Oracle hasn’t yet publicly disclosed the breach, and it is not known if the attacker deployed ransomware as well as stealing the data. The threat actor behind this breach has the online moniker “Andrew” and has not been linked with any known threat groups. The attacker is looking for millions of dollars in ransoms, or they say they will publish and sell the stolen data.

Microsoft has uncovered 20 previously unknown vulnerabilities in several open-source bootloaders.

Using its AI-powered Security Copilot, Microsoft researchers discovered flaws in GRUB2 (GRand Unified Bootloader), which is the default boot loader for most Linux distributions, and U-Boot and Barebox, which are commonly used in embedded and IoT devices.

GRUB2 contained 11 vulnerabilities, including integer and buffer overflows in filesystem parsers, command flaws, and a side-channel in cryptographic comparison.
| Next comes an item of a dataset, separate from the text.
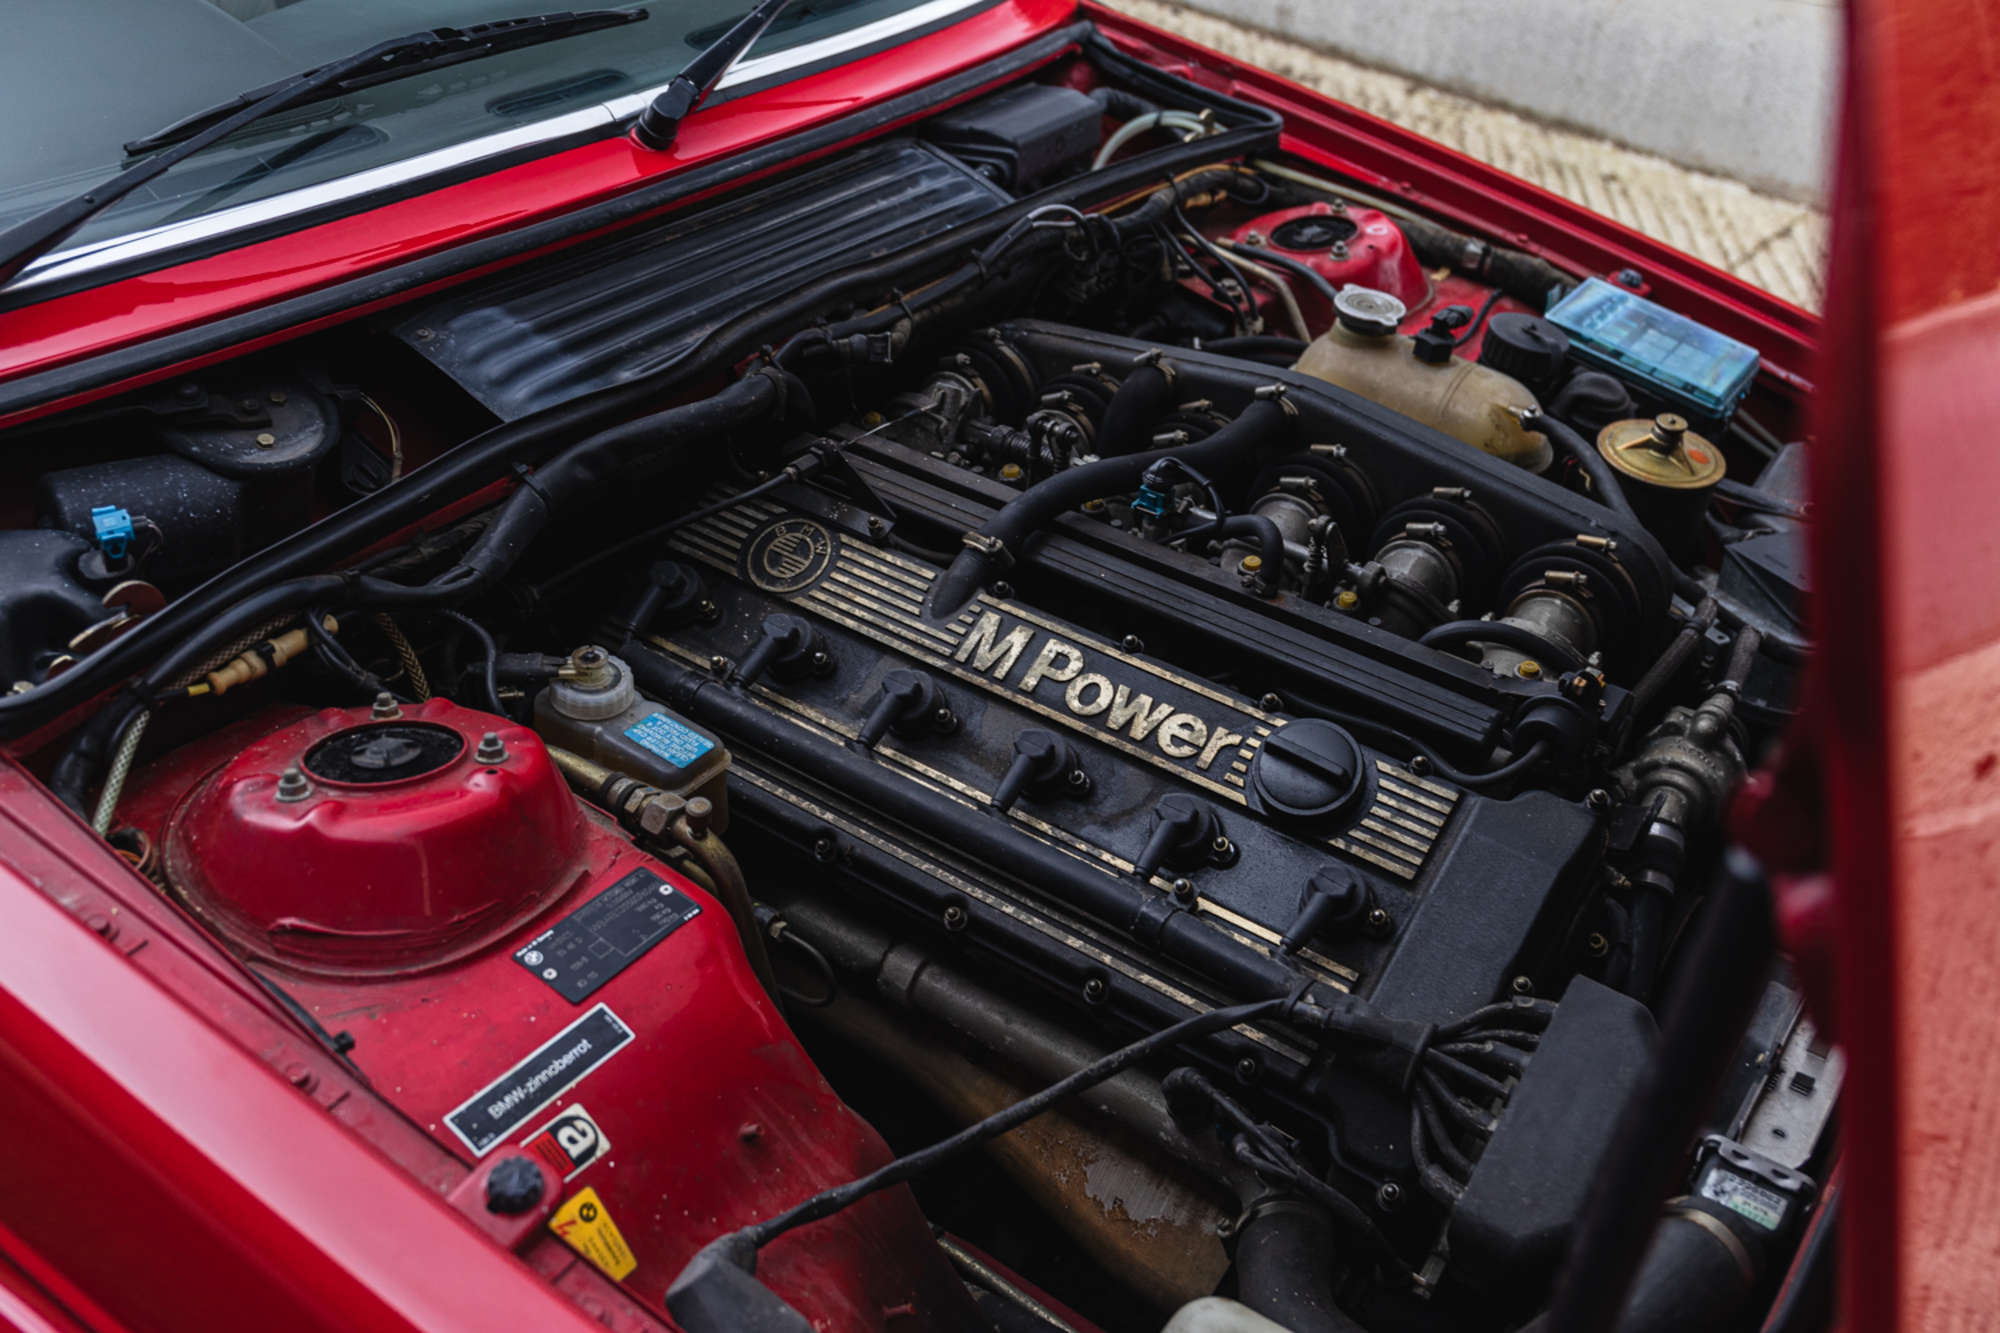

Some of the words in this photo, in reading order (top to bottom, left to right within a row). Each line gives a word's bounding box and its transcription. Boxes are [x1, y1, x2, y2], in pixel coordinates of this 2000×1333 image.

[775, 524, 828, 556] BMW
[954, 609, 1035, 680] M
[1018, 637, 1243, 770] Power
[487, 1037, 593, 1121] BMW-zinnoberrot
Meanwhile, nine buffer overflows in parsing SquashFS, EXT4, CramFS, JFFS2, and symlinks were uncovered in U-Boot and Barebox.
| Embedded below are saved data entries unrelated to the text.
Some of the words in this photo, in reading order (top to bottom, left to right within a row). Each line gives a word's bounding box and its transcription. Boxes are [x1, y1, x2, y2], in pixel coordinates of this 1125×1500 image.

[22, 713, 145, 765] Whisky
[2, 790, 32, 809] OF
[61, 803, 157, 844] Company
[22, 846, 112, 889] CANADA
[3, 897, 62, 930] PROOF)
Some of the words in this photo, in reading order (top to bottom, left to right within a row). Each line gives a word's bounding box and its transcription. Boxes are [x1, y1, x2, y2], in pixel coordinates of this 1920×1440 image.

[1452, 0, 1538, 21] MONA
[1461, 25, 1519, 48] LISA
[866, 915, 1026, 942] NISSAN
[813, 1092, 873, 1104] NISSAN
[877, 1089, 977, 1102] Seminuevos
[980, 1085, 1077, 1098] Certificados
“While threat actors would likely require physical device access to exploit the U-boot or Barebox vulnerabilities, in the case of GRUB2, the vulnerabilities could further be exploited to bypass Secure Boot and install stealthy bootkits or potentially bypass other security mechanisms, such as BitLocker,” explained Microsoft.

GRUB2, U-boot, and Barebox released updates for the vulnerabilities in February 2025.

Drivers associated with several Canon production printers, office multifunction printers, and laser printers are affected by a critical out-of-bounds vulnerability.

The flaw, tracked as CVE-2025-1268 (CVSS score: 9.4), impacts the EMF recode processing of Generic Plus PCL6, UFR II, LIPS4, LIPSXL, and PS printer drivers, specifically versions 3.12 and earlier.

The vulnerability can allow an attacker to prevent printing or potentially execute arbitrary code “when the print is processed by a malicious application,” according to Canon.

Users are advised to check Canon websites for patched versions of the vulnerable printer drivers.

Cisco is warning admins to patch a critical Cisco Smart Licensing Utility (CSLU) vulnerability that is being used in attacks.

The vulnerability, tracked as CVE-2024-20439 (CVSS score: 9.8), exposes a built-in backdoor admin account. The flaw, which was patched in September 2024, is described as “an undocumented static user credential for an administrative account” that lets unauthenticated attackers log into unpatched systems remotely with admin privileges over the CSLU app’s API.

Just two weeks after Cisco patched the vulnerability, technical details, including the decoded hardcoded static password, were made public. Now, Cisco is warning that it has observed “attempted exploitation of this vulnerability in the wild.” The company said it “continues to strongly recommend that customers upgrade to a fixed software release to remediate this vulnerability.”

On Monday (March 31), the U.S. Cybersecurity and Infrastructure Security Agency (CISA) added CVE-2024-20439 to its Known Exploited Vulnerabilities (KEV) catalog, ordering U.S. federal agencies to secure their systems against active exploitation by April 21.

Royal Mail has launched an investigation after a threat actor leaked 144 GB of data allegedly stolen from the company’s systems.

“We are aware of an incident which is alleged to have affected Spectos, a supplier of Royal Mail. We are working with the company to investigate the issue and establish what impact there may be regarding their data,” a spokesperson for the UK postal service said. “We can confirm there has been no impact on Royal Mail operations and services continue to function as normal.”

Spectos confirmed that its systems were breached on March 29 and that unauthorized actors gained access to customer data. Spectos has also launched an investigation into the incident.

A threat actor using the handle GHNA on BreachForums released 16,549 files allegedly containing Royal Mail customers’ personally identifiable information and other confidential documents.

According to Hudson Rock researchers, GHNA gained access to Royal Mail systems using the credentials of a Spectos employee compromised in a 2021 info stealer malware incident.